(Excerpts from a dataset)
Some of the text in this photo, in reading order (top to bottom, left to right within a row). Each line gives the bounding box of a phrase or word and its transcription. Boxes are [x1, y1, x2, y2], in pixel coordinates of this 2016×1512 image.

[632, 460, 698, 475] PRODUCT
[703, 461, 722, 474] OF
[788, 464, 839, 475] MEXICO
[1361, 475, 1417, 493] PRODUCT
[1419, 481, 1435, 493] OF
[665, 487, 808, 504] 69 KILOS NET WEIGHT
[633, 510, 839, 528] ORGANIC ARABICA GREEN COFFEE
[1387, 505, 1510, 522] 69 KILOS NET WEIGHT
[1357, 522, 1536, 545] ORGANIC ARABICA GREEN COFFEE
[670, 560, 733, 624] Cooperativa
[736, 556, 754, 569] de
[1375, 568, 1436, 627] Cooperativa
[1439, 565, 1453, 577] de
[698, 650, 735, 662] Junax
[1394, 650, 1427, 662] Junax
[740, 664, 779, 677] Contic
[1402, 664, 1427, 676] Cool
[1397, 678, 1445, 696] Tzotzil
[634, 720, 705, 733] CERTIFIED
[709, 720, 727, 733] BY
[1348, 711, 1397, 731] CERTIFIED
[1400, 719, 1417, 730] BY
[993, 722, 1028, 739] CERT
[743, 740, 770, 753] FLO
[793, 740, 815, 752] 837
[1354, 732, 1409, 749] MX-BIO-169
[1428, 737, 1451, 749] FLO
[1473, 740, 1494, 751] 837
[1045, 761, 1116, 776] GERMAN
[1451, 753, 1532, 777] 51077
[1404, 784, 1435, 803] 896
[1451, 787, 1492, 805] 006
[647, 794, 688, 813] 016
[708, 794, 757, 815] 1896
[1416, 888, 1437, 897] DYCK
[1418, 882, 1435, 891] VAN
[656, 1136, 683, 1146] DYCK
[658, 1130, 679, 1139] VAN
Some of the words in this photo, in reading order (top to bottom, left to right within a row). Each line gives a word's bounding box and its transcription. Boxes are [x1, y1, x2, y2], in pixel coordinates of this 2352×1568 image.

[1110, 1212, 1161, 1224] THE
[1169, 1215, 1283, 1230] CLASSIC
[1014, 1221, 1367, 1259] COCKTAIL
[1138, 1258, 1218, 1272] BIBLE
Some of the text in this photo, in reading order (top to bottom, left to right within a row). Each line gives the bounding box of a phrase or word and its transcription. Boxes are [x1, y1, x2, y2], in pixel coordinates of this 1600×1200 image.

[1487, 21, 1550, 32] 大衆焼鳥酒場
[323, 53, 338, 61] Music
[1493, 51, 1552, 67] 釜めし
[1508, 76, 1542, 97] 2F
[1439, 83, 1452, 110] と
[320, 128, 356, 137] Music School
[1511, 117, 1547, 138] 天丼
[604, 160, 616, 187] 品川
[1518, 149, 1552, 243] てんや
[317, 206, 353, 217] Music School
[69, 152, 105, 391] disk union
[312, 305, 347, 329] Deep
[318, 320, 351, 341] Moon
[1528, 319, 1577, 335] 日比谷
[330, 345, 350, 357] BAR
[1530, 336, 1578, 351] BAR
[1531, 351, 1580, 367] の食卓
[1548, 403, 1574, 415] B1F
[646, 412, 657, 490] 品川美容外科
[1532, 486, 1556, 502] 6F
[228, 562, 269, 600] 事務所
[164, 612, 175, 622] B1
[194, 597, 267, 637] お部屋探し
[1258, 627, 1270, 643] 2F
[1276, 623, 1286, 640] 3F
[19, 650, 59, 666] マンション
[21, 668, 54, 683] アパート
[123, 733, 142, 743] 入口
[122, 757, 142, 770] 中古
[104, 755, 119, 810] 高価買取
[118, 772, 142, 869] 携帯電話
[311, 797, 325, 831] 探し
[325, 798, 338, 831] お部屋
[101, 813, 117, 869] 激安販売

**Task:** Each of the entries above is to be repeated exactly.

**Result for this exercise:**
Some of the text in this photo, in reading order (top to bottom, left to right within a row). Each line gives the bounding box of a phrase or word and its transcription. Boxes are [x1, y1, x2, y2], in pixel coordinates of this 2016×1512 image.

[632, 460, 698, 475] PRODUCT
[703, 461, 722, 474] OF
[788, 464, 839, 475] MEXICO
[1361, 475, 1417, 493] PRODUCT
[1419, 481, 1435, 493] OF
[665, 487, 808, 504] 69 KILOS NET WEIGHT
[633, 510, 839, 528] ORGANIC ARABICA GREEN COFFEE
[1387, 505, 1510, 522] 69 KILOS NET WEIGHT
[1357, 522, 1536, 545] ORGANIC ARABICA GREEN COFFEE
[670, 560, 733, 624] Cooperativa
[736, 556, 754, 569] de
[1375, 568, 1436, 627] Cooperativa
[1439, 565, 1453, 577] de
[698, 650, 735, 662] Junax
[1394, 650, 1427, 662] Junax
[740, 664, 779, 677] Contic
[1402, 664, 1427, 676] Cool
[1397, 678, 1445, 696] Tzotzil
[634, 720, 705, 733] CERTIFIED
[709, 720, 727, 733] BY
[1348, 711, 1397, 731] CERTIFIED
[1400, 719, 1417, 730] BY
[993, 722, 1028, 739] CERT
[743, 740, 770, 753] FLO
[793, 740, 815, 752] 837
[1354, 732, 1409, 749] MX-BIO-169
[1428, 737, 1451, 749] FLO
[1473, 740, 1494, 751] 837
[1045, 761, 1116, 776] GERMAN
[1451, 753, 1532, 777] 51077
[1404, 784, 1435, 803] 896
[1451, 787, 1492, 805] 006
[647, 794, 688, 813] 016
[708, 794, 757, 815] 1896
[1416, 888, 1437, 897] DYCK
[1418, 882, 1435, 891] VAN
[656, 1136, 683, 1146] DYCK
[658, 1130, 679, 1139] VAN
Some of the words in this photo, in reading order (top to bottom, left to right within a row). Each line gives a word's bounding box and its transcription. Boxes are [x1, y1, x2, y2], in pixel coordinates of this 2352×1568 image.

[1110, 1212, 1161, 1224] THE
[1169, 1215, 1283, 1230] CLASSIC
[1014, 1221, 1367, 1259] COCKTAIL
[1138, 1258, 1218, 1272] BIBLE
Some of the text in this photo, in reading order (top to bottom, left to right within a row). Each line gives the bounding box of a phrase or word and its transcription. Boxes are [x1, y1, x2, y2], in pixel coordinates of this 1600×1200 image.

[1487, 21, 1550, 32] 大衆焼鳥酒場
[323, 53, 338, 61] Music
[1493, 51, 1552, 67] 釜めし
[1508, 76, 1542, 97] 2F
[1439, 83, 1452, 110] と
[320, 128, 356, 137] Music School
[1511, 117, 1547, 138] 天丼
[604, 160, 616, 187] 品川
[1518, 149, 1552, 243] てんや
[317, 206, 353, 217] Music School
[69, 152, 105, 391] disk union
[312, 305, 347, 329] Deep
[318, 320, 351, 341] Moon
[1528, 319, 1577, 335] 日比谷
[330, 345, 350, 357] BAR
[1530, 336, 1578, 351] BAR
[1531, 351, 1580, 367] の食卓
[1548, 403, 1574, 415] B1F
[646, 412, 657, 490] 品川美容外科
[1532, 486, 1556, 502] 6F
[228, 562, 269, 600] 事務所
[164, 612, 175, 622] B1
[194, 597, 267, 637] お部屋探し
[1258, 627, 1270, 643] 2F
[1276, 623, 1286, 640] 3F
[19, 650, 59, 666] マンション
[21, 668, 54, 683] アパート
[123, 733, 142, 743] 入口
[122, 757, 142, 770] 中古
[104, 755, 119, 810] 高価買取
[118, 772, 142, 869] 携帯電話
[311, 797, 325, 831] 探し
[325, 798, 338, 831] お部屋
[101, 813, 117, 869] 激安販売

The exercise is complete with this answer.